Task to complete
Reproduce every record below exactly, without the pictures.

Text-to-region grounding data
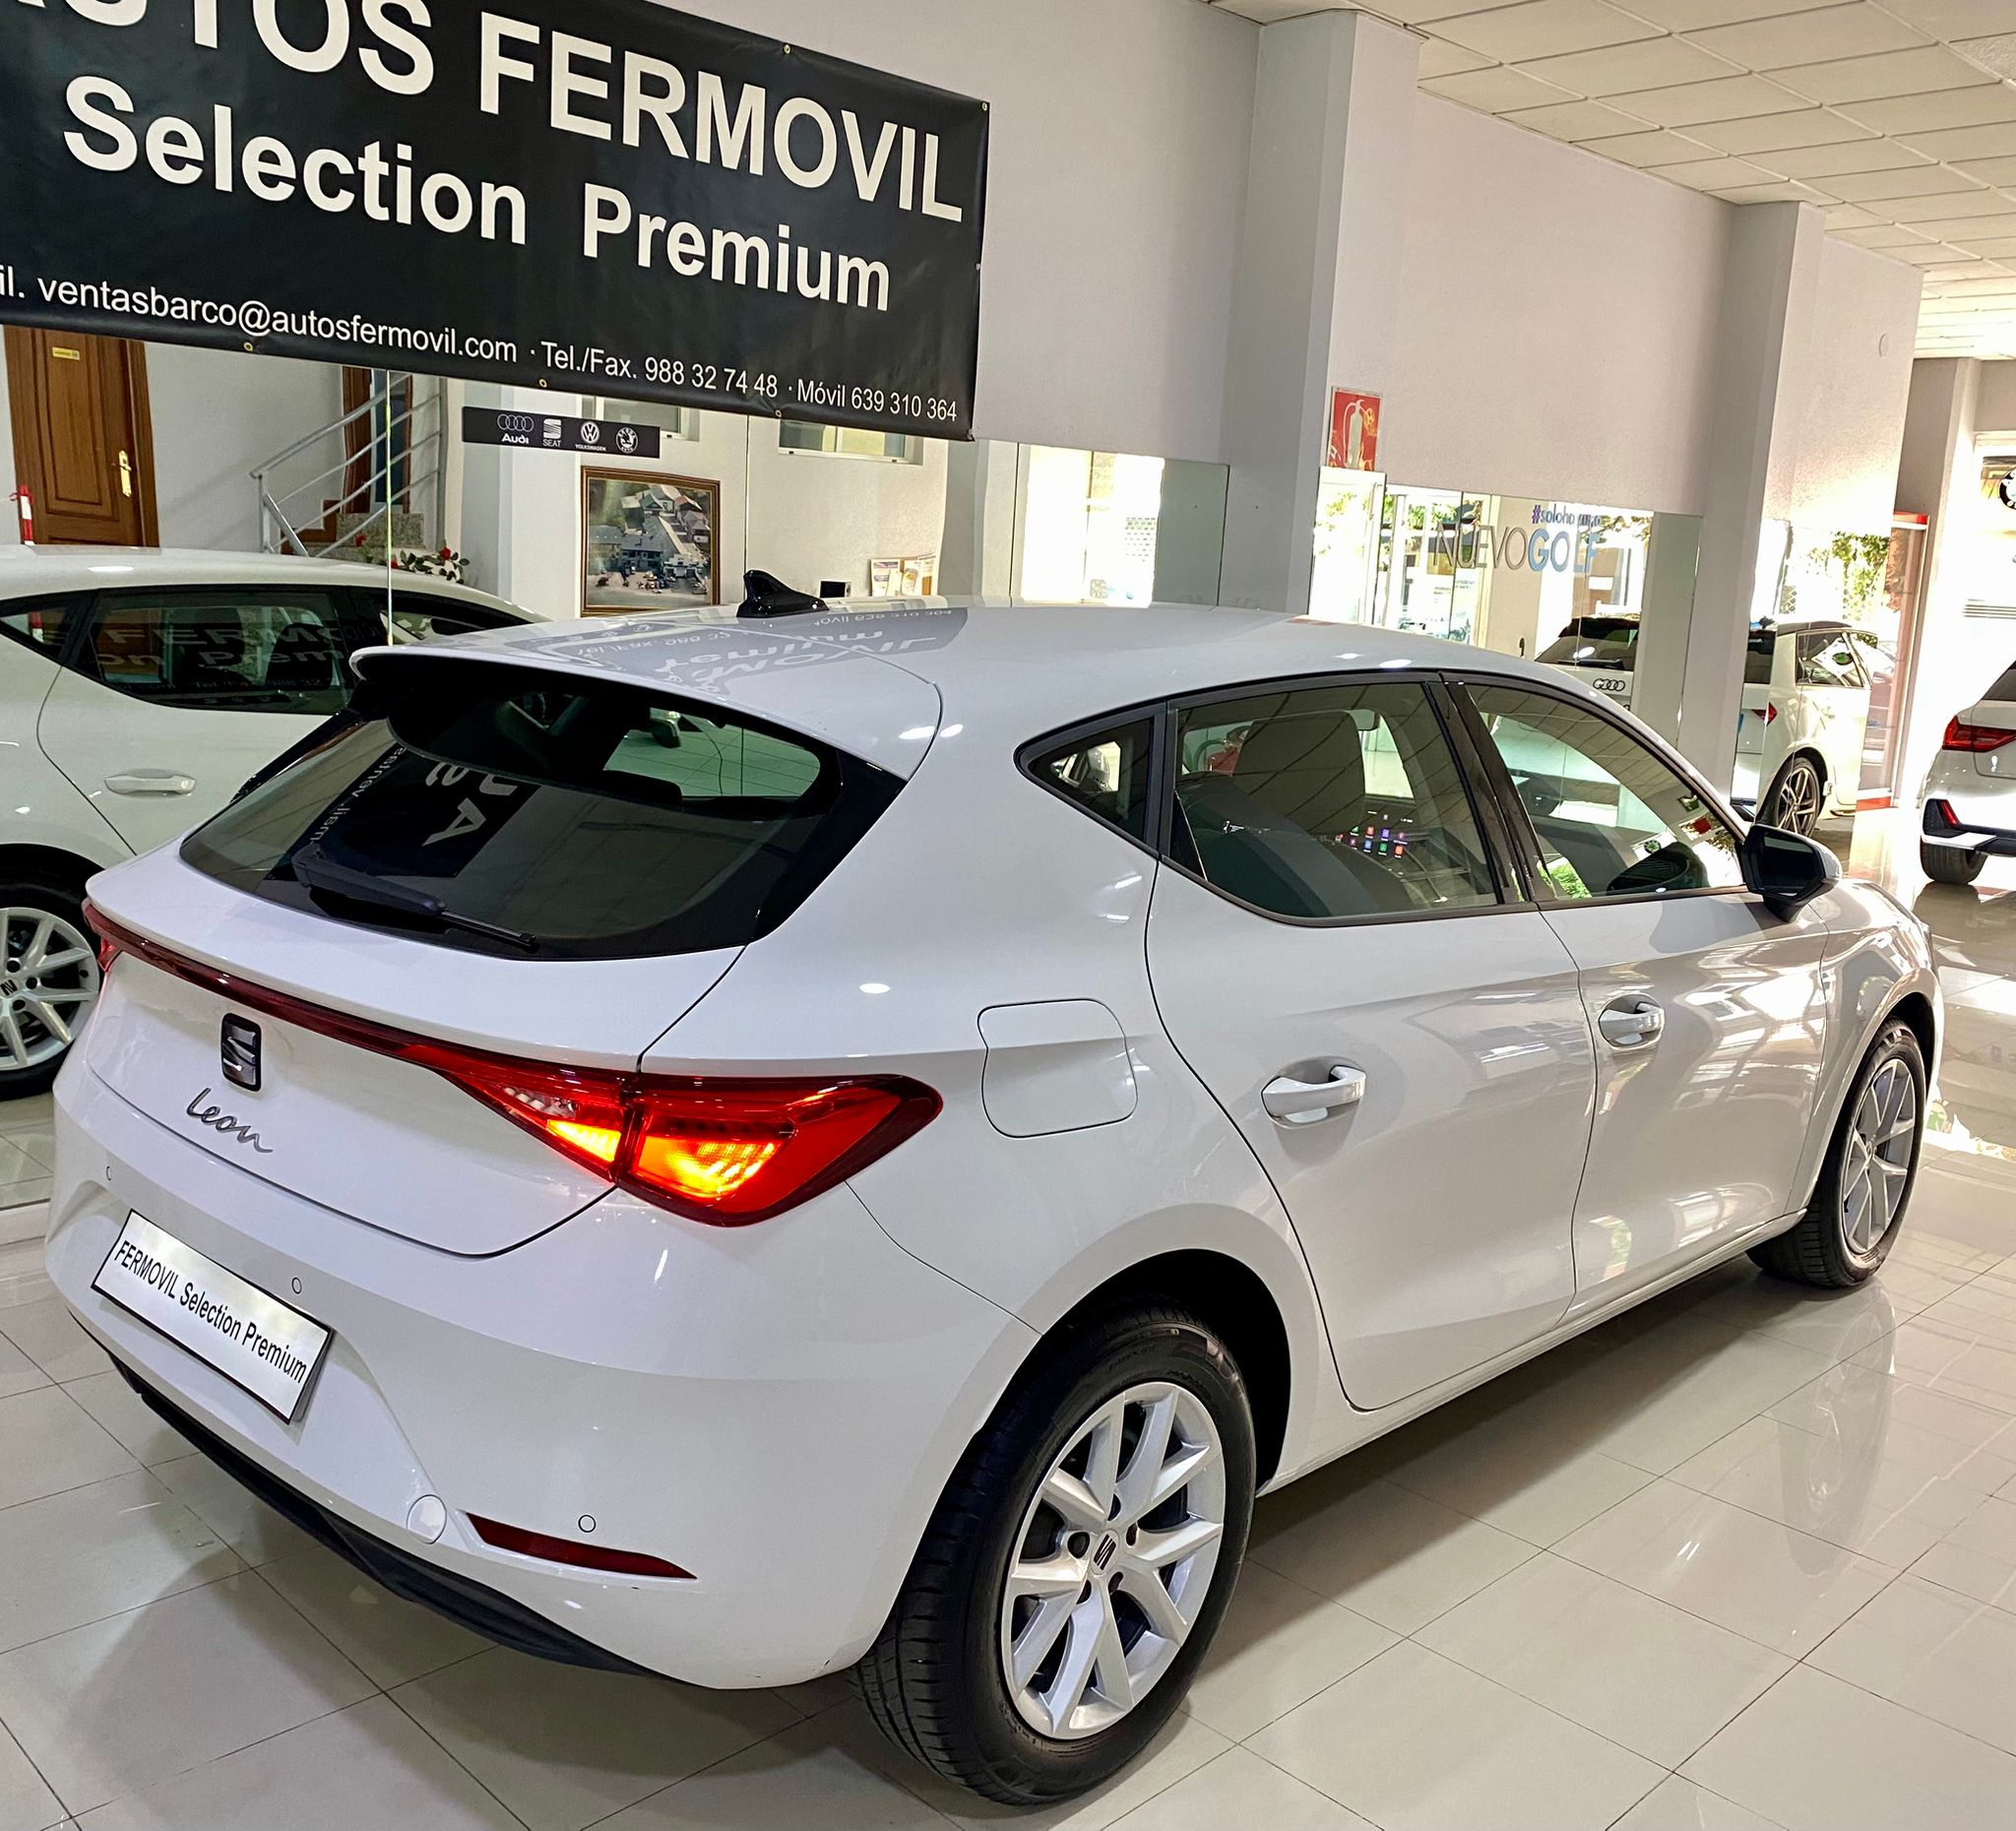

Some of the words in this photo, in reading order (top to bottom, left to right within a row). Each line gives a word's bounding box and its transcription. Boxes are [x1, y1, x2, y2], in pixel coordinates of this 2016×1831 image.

[480, 12, 963, 222] FERMOVIL
[63, 76, 527, 244] Selection
[584, 182, 890, 311] Premium
[36, 277, 517, 362] ventasbarco@autosfermovil.com
[540, 341, 638, 379] Tel./Fax.
[645, 356, 685, 385] 988
[691, 363, 717, 390] 32
[724, 367, 748, 395] 74
[753, 372, 778, 398] 48
[796, 378, 846, 407] Móvil
[850, 387, 885, 411] 639
[890, 392, 922, 417] 310
[926, 397, 958, 422] 364
[501, 433, 530, 444] Audi
[542, 438, 561, 448] SEAT
[185, 1086, 274, 1154] Leon
[114, 1240, 179, 1299] FERMOVIL
[180, 1282, 241, 1341] Selection
[241, 1321, 307, 1384] Premium

Task response
Some of the words in this photo, in reading order (top to bottom, left to right within a row). Each line gives a word's bounding box and its transcription. Boxes are [x1, y1, x2, y2], in pixel coordinates of this 2016×1831 image.

[480, 12, 963, 222] FERMOVIL
[63, 76, 527, 244] Selection
[584, 182, 890, 311] Premium
[36, 277, 517, 362] ventasbarco@autosfermovil.com
[540, 341, 638, 379] Tel./Fax.
[645, 356, 685, 385] 988
[691, 363, 717, 390] 32
[724, 367, 748, 395] 74
[753, 372, 778, 398] 48
[796, 378, 846, 407] Móvil
[850, 387, 885, 411] 639
[890, 392, 922, 417] 310
[926, 397, 958, 422] 364
[501, 433, 530, 444] Audi
[542, 438, 561, 448] SEAT
[185, 1086, 274, 1154] Leon
[114, 1240, 179, 1299] FERMOVIL
[180, 1282, 241, 1341] Selection
[241, 1321, 307, 1384] Premium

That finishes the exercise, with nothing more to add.